• TASK REQUIREMENTS
Once the line containing "Some of the words" is found, copy it and each subsequent line exactly. Stop at the end of the records below.

○ ○ ○ ○ ○ ○ ○

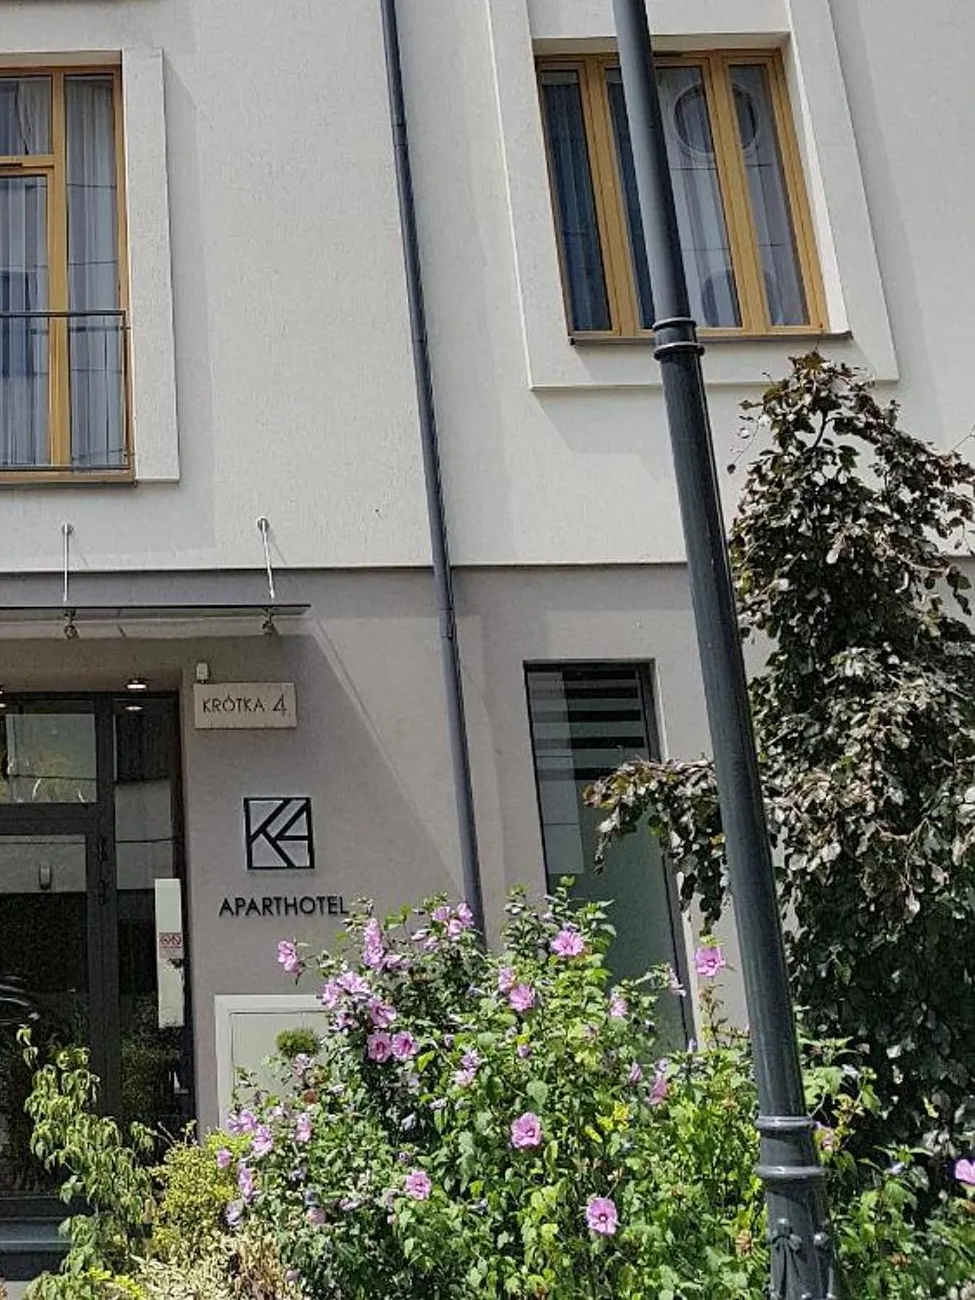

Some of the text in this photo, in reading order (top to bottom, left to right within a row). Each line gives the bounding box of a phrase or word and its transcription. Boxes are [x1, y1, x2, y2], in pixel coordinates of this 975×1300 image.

[202, 693, 287, 717] KRÓTKA 4
[218, 895, 351, 917] APARTHOTEL
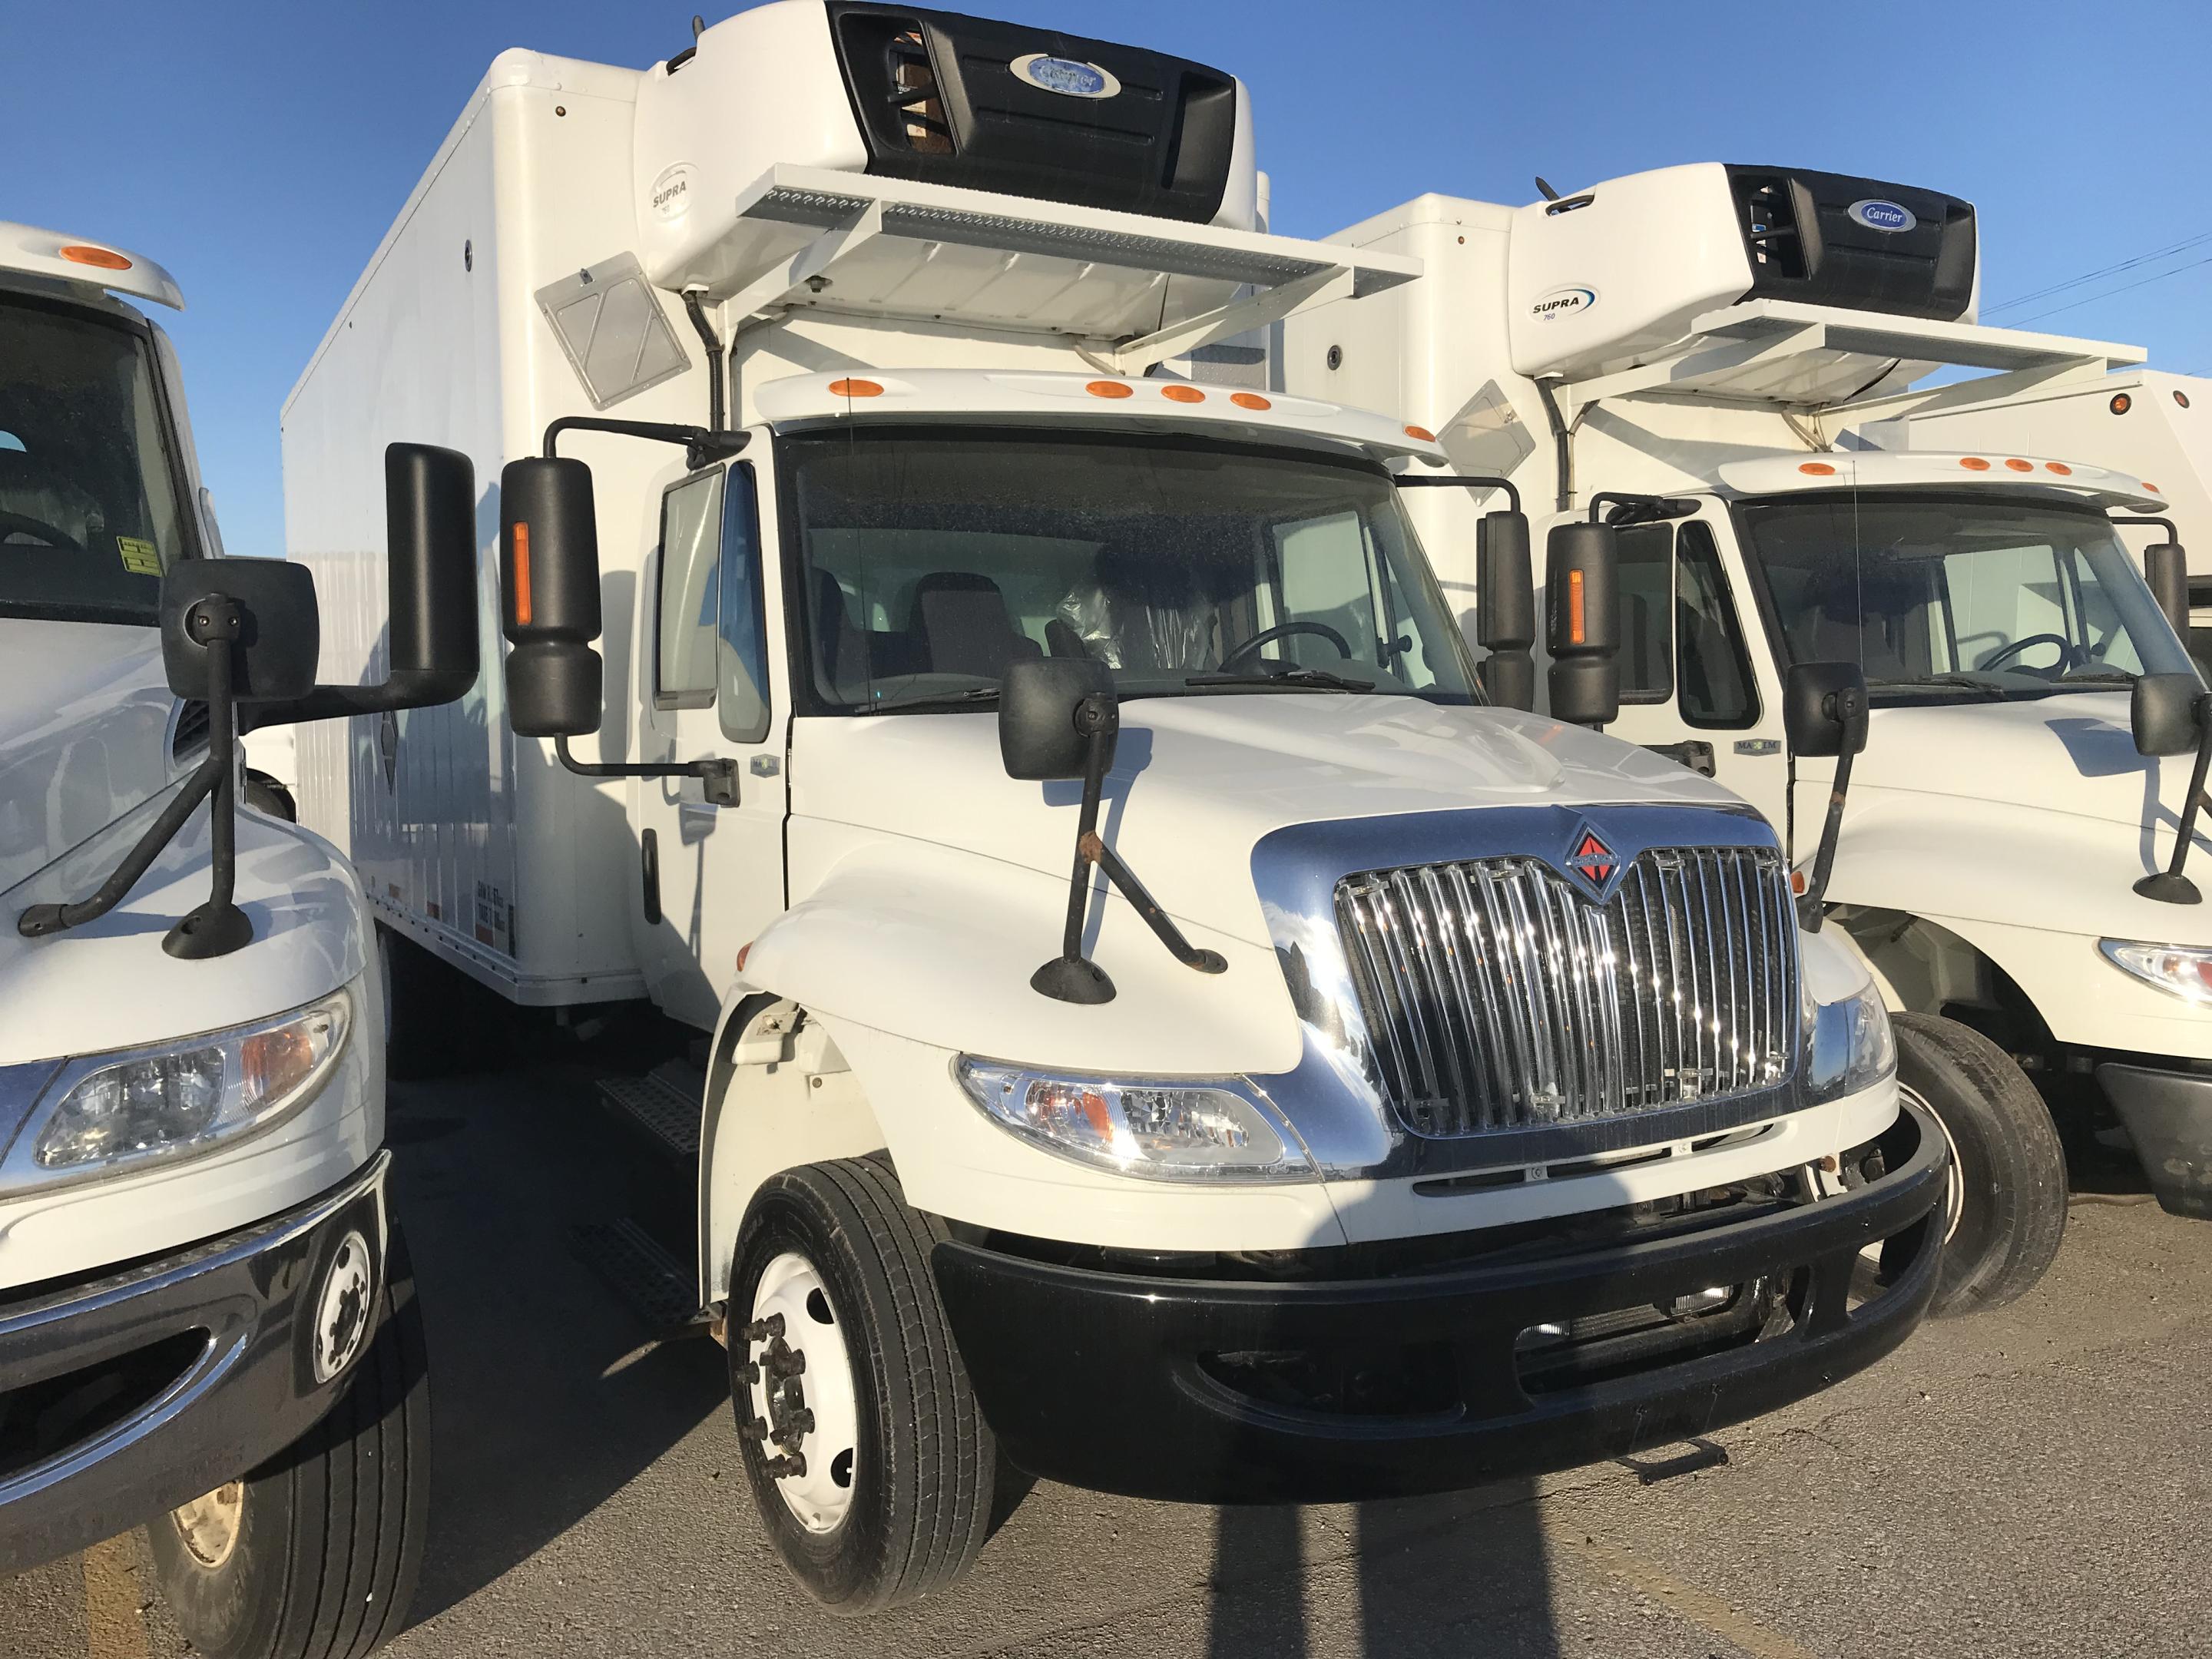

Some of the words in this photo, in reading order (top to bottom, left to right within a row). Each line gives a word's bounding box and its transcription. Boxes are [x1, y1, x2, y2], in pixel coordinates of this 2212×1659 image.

[653, 180, 687, 208] SUPRA
[1866, 207, 1903, 223] Carrier
[1532, 296, 1580, 314] SUPRA
[1543, 313, 1555, 321] 760
[1737, 741, 1777, 750] MAXIM

○ ○ ○ ○ ○ ○ ○

• WRITTEN REPLY
Some of the words in this photo, in reading order (top to bottom, left to right within a row). Each line gives a word's bounding box and its transcription. Boxes are [x1, y1, x2, y2], in pixel coordinates of this 2212×1659 image.

[653, 180, 687, 208] SUPRA
[1866, 207, 1903, 223] Carrier
[1532, 296, 1580, 314] SUPRA
[1543, 313, 1555, 321] 760
[1737, 741, 1777, 750] MAXIM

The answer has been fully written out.